You just don't see that kind of thing up here in Maine.


----------



## peggjam (Mar 4, 2005)

"Was this in some cottage or abandoned house or something?"

No, this was a two story house split into an upstairs and downstairs apartment. The upstairs where the hive was located, hadn't been lived in for about 7 years.

"I mean, wouldn't the constant "hum" alone drive them bonkers?"

It did, but the owner, who lives downstairs is single, so it didn't drive him nuts two bad.

"Hi, How much did you charge to remove all of that comb? Did you re seal the wall and re insulate, etc?
How hard is it to get out every bit of comb and honey to deter ants and rot?"

We charge $100 an hour, 3 hour min. This one took 4 and 1/2 hours to remove, but we only charged for 4. We just remove, the owner has to fix the damage. It isn't two hard to get most of the comb and wax out, just takes time mostly.

"You just don't see that kind of thing up here in Maine."

This is the first one I have seen here in along time.
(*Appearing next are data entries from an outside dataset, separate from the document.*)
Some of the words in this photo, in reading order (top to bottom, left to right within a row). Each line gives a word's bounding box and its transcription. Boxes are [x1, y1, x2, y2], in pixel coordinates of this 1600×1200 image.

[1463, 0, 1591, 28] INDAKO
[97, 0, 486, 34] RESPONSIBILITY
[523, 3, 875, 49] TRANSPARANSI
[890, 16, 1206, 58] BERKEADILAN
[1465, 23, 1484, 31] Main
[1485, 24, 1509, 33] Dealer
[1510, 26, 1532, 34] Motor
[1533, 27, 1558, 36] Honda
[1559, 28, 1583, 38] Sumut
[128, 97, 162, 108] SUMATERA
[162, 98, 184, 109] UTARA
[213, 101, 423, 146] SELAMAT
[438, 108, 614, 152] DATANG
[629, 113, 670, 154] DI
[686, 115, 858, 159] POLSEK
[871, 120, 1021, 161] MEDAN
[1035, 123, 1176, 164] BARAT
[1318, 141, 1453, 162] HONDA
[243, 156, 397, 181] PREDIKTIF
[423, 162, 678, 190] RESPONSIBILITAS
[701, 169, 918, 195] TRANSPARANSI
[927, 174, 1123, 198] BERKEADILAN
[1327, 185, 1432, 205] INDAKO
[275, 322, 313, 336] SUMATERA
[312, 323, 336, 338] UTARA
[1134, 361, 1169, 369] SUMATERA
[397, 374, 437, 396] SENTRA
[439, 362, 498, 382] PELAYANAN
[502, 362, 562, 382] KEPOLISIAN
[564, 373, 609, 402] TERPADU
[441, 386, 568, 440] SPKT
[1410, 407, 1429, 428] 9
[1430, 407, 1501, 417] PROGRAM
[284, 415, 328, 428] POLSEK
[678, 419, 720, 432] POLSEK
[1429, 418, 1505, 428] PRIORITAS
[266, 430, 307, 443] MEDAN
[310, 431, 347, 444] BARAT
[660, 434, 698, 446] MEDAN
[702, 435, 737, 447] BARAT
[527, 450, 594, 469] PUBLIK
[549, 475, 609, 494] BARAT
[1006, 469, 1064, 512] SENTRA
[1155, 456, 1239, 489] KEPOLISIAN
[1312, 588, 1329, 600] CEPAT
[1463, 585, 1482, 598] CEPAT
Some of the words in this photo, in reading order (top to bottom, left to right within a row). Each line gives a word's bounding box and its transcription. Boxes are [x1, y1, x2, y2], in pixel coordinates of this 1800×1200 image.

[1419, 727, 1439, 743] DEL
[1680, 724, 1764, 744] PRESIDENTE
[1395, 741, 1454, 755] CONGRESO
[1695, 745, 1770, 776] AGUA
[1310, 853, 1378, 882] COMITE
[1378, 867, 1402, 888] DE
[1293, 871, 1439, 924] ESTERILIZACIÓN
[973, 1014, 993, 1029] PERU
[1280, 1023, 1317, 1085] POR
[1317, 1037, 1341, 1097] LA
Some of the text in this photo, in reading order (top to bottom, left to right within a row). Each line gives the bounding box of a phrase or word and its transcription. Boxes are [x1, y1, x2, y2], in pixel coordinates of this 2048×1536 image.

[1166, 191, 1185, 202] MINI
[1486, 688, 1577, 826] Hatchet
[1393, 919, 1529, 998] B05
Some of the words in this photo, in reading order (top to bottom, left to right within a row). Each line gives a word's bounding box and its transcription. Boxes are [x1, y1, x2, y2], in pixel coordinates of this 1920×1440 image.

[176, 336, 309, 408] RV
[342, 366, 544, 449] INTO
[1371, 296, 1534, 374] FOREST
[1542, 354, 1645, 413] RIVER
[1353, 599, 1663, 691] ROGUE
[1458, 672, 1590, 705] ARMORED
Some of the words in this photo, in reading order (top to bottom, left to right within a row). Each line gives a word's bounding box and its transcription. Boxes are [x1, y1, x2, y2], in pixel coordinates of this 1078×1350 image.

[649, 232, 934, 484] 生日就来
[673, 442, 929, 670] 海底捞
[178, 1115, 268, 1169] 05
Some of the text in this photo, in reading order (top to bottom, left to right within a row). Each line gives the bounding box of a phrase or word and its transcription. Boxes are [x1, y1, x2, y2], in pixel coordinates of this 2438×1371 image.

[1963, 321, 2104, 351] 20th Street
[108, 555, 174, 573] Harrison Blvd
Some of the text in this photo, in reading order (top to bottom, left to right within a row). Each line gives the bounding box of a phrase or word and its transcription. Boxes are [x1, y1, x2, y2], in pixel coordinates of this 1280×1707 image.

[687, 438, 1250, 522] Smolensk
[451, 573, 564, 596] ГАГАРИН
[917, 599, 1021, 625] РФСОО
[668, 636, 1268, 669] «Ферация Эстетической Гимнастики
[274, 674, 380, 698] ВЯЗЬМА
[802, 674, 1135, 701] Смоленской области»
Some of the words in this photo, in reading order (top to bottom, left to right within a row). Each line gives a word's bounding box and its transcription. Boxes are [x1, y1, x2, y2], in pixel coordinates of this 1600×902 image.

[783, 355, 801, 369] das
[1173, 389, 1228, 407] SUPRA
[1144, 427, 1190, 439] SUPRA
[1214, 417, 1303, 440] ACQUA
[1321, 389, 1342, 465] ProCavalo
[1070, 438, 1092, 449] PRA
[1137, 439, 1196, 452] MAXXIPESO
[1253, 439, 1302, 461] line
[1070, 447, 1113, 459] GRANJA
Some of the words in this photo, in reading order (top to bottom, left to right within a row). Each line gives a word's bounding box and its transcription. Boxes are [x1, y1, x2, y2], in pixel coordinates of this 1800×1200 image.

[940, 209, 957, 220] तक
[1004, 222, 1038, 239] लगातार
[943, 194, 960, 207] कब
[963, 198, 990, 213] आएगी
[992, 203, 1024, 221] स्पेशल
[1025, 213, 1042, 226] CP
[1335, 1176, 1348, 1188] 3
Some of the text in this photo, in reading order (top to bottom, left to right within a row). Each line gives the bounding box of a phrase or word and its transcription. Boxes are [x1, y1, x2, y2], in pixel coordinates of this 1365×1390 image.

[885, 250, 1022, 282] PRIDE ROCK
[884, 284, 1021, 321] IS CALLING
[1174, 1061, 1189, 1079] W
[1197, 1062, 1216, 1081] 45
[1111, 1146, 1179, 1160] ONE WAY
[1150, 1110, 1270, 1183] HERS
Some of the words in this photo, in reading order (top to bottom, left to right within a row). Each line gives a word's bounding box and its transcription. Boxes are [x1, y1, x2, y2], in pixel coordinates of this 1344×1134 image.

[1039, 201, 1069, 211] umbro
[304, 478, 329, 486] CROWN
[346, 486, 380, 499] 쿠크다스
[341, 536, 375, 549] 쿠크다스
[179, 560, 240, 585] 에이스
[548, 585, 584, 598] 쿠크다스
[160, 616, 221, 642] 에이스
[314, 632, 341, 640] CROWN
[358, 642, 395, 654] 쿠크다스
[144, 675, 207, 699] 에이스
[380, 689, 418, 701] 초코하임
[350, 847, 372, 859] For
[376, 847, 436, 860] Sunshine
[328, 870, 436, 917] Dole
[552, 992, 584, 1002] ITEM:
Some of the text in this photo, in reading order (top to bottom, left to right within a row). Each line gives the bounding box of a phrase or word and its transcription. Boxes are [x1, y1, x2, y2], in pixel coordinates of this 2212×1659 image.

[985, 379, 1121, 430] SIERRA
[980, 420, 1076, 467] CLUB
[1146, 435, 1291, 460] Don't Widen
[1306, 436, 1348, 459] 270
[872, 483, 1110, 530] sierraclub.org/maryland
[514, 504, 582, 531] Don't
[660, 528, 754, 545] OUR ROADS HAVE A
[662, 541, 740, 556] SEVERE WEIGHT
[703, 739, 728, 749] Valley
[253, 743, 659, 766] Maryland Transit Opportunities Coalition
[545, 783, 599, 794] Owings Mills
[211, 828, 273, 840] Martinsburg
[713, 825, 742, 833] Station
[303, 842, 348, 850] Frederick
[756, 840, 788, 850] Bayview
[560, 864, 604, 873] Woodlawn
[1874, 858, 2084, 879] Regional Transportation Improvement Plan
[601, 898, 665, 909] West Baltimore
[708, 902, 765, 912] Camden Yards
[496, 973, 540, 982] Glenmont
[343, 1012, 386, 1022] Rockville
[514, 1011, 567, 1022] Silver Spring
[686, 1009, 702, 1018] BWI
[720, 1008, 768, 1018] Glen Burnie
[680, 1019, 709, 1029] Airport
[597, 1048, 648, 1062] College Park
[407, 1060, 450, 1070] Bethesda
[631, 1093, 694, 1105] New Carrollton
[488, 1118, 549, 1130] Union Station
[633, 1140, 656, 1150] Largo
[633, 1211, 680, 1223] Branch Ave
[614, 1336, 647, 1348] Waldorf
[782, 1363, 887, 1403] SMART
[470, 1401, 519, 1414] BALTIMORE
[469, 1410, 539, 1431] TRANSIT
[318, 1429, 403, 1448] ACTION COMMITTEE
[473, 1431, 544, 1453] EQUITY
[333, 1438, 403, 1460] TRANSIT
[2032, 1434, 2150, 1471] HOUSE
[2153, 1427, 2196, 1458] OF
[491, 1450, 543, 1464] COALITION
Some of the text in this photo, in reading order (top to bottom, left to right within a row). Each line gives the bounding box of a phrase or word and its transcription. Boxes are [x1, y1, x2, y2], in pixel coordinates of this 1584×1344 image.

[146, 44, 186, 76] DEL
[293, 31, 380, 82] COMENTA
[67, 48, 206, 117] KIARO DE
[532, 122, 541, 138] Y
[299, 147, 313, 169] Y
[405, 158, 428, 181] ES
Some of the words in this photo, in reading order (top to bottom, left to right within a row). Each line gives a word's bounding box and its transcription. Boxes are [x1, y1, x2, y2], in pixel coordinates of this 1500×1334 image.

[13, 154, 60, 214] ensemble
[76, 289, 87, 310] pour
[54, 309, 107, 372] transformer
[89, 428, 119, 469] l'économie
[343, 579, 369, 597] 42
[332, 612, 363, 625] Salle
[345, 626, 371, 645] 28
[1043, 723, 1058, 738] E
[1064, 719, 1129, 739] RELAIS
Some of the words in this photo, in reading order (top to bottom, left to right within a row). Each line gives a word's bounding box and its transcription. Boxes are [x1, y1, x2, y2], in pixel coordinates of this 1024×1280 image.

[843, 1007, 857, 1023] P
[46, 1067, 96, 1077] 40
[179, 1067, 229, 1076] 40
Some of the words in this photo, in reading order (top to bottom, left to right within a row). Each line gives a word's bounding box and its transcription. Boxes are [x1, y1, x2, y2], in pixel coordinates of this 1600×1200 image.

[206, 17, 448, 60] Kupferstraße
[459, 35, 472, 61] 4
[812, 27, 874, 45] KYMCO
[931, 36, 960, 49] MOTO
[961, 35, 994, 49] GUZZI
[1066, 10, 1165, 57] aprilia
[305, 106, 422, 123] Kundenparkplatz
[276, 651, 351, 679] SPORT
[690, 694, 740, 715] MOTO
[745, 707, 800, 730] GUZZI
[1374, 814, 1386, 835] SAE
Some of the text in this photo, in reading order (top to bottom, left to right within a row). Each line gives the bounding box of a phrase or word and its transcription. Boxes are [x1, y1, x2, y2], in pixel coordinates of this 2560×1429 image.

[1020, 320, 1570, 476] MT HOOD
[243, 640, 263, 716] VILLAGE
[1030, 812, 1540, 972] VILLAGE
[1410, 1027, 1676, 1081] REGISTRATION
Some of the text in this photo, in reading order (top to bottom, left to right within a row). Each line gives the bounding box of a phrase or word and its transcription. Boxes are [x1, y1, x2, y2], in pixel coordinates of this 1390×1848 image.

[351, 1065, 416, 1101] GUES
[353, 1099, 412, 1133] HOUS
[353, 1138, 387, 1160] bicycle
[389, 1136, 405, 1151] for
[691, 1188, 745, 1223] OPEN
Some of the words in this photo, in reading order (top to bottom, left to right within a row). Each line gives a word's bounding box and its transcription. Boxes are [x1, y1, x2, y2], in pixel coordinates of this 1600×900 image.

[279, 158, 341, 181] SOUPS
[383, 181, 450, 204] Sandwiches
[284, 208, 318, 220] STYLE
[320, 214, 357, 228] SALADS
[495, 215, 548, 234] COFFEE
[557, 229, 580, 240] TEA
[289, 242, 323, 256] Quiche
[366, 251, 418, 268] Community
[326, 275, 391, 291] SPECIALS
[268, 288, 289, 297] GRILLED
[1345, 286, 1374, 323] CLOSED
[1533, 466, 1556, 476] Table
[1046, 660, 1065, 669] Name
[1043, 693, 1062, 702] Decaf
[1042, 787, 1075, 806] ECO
This used to be a normal removal, now it's the exception. Most removals only take a couple hours at the most.


----------



## Joel (Mar 3, 2005)

So these are the girls I got stood up for for our Sunday Breakfast!! I can see why you were tired! You aren't short so I'm assuming those combs were close to 6' ?


----------



## peggjam (Mar 4, 2005)

I'd be willing to say they were at least five and a half feet long, and very narrow, bout 4". Filled top to within a foot or so of the bottom with brood. It was a very nice hive, gentle for the most part.


----------



## Hobie (Jun 1, 2006)

No matter how many wild comb formations I see, they always amaze me. Beautifully precise.


----------



## Gene Weitzel (Dec 6, 2005)

Hobie said:


> No matter how many wild comb formations I see, they always amaze me. Beautifully precise.


Hobie,
Here's one you that may change your mind:


----------



## Hobie (Jun 1, 2006)

Yeah, Gene, that one's a tad messy! However, I'd love to see how they filled the inside of the tire...


----------



## iddee (Jun 21, 2005)

On the other end of the spectrum...... Almost, not quite, a hundred bees.


----------



## Veracity (May 3, 2008)

nice pics, never really saw natural setting.

*a little of topic:* My 1st experience with bees was in north Africa, Morocco, city of Tiznit. Photographed a beekeeper there.

getting late (work comes early) I will try and post some pics tomorrow.


----------